Exactly as written, return the entries below, minus any pictures.

- - -

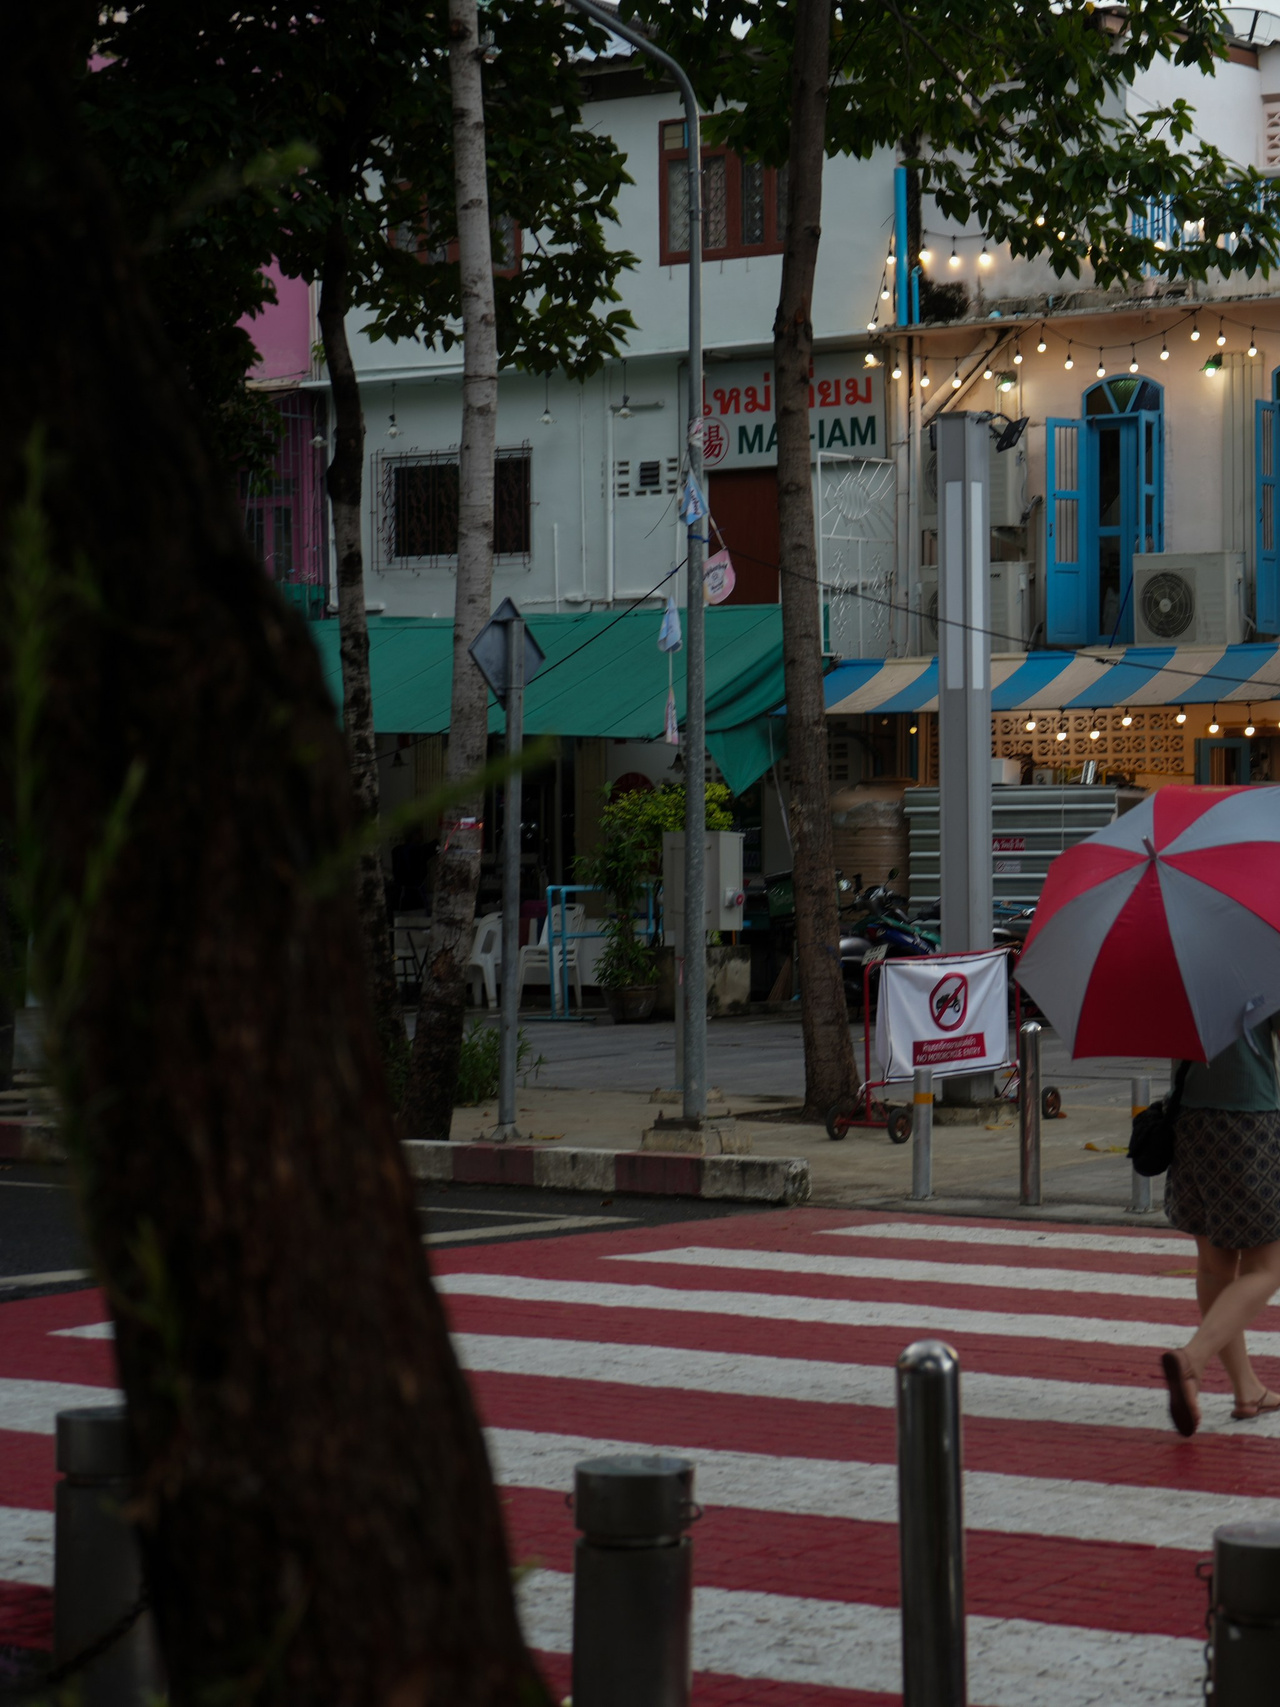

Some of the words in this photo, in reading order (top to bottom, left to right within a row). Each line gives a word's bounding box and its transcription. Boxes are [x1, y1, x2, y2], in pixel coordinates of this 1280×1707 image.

[738, 415, 876, 454] MA-IAM
[915, 1053, 928, 1063] NO
[928, 1048, 962, 1062] MOTORCYCLE
[963, 1046, 981, 1057] ENTRY

- - -

> [RESPONSE AREA]
Some of the words in this photo, in reading order (top to bottom, left to right within a row). Each line gives a word's bounding box and its transcription. Boxes are [x1, y1, x2, y2], in pixel coordinates of this 1280×1707 image.

[738, 415, 876, 454] MA-IAM
[915, 1053, 928, 1063] NO
[928, 1048, 962, 1062] MOTORCYCLE
[963, 1046, 981, 1057] ENTRY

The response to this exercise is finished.